Task details: For the data that follows, return each line unchanged and drop the pictures.

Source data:

- - - -

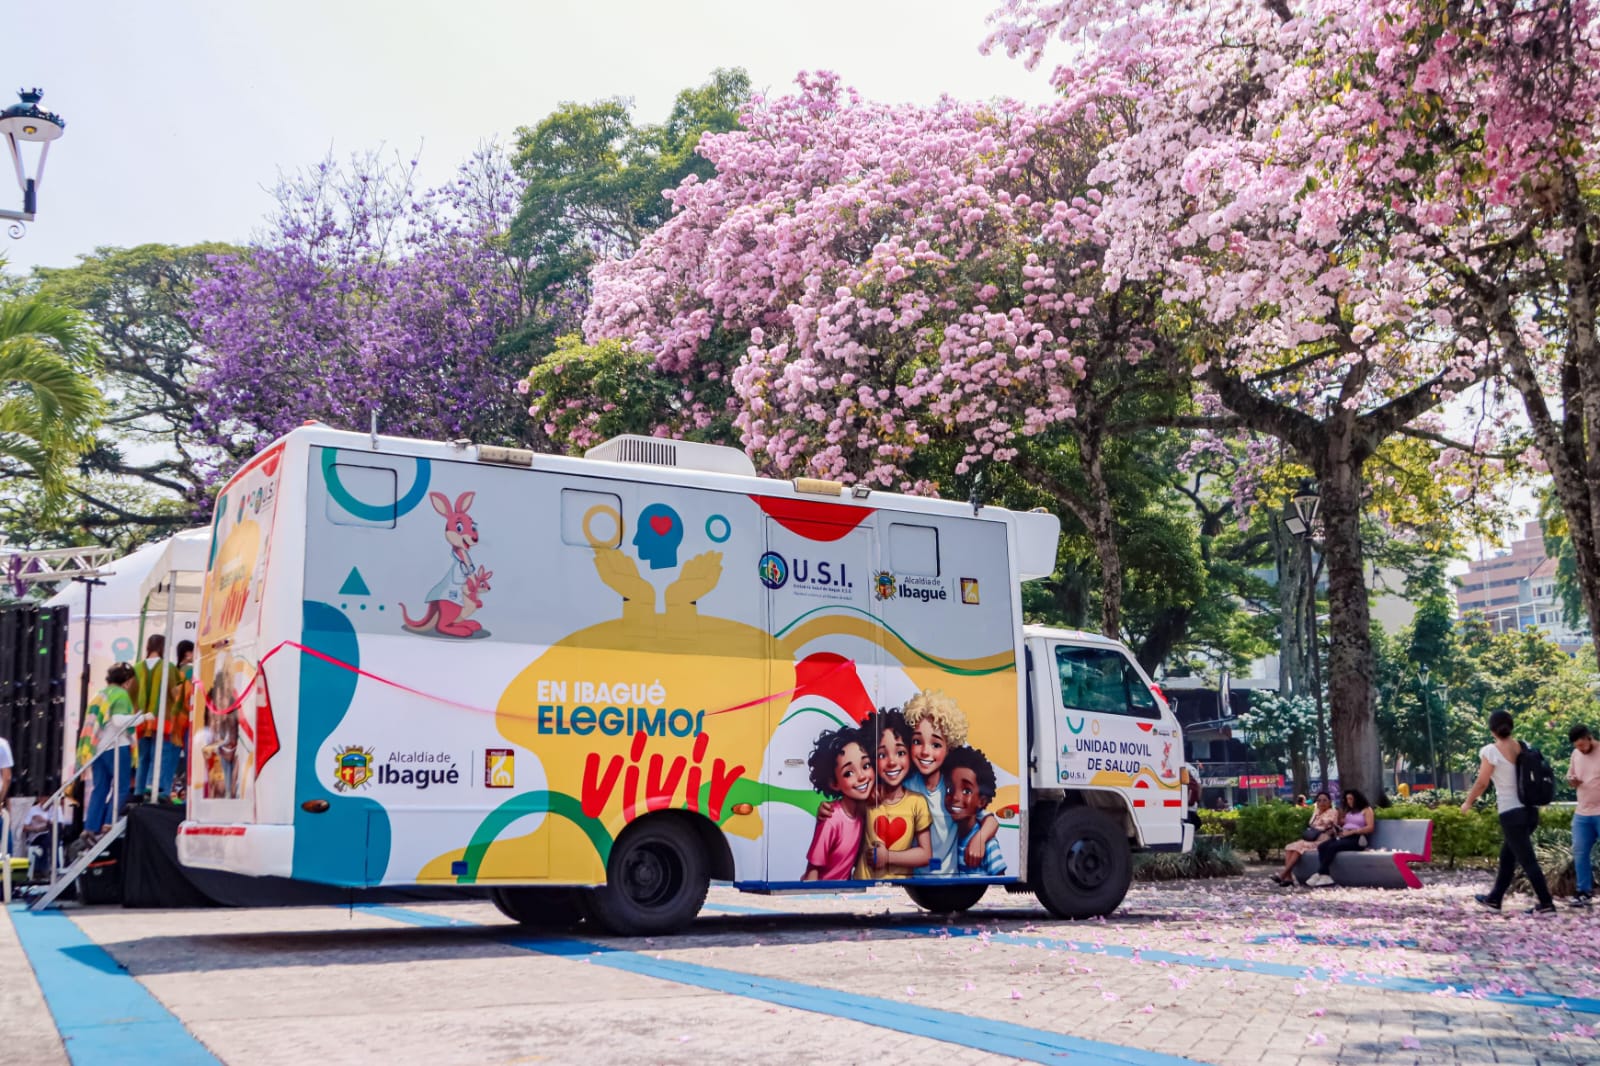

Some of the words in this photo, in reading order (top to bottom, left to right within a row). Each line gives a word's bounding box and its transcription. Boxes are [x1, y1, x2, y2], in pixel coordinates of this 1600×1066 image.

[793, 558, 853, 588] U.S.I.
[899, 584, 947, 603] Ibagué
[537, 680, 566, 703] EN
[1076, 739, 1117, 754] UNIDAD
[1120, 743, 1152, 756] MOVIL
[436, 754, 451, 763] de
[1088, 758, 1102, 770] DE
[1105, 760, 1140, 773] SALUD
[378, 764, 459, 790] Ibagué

- - - -

Solution for this exercise:
Some of the words in this photo, in reading order (top to bottom, left to right within a row). Each line gives a word's bounding box and its transcription. Boxes are [x1, y1, x2, y2], in pixel coordinates of this 1600×1066 image.

[793, 558, 853, 588] U.S.I.
[899, 584, 947, 603] Ibagué
[537, 680, 566, 703] EN
[1076, 739, 1117, 754] UNIDAD
[1120, 743, 1152, 756] MOVIL
[436, 754, 451, 763] de
[1088, 758, 1102, 770] DE
[1105, 760, 1140, 773] SALUD
[378, 764, 459, 790] Ibagué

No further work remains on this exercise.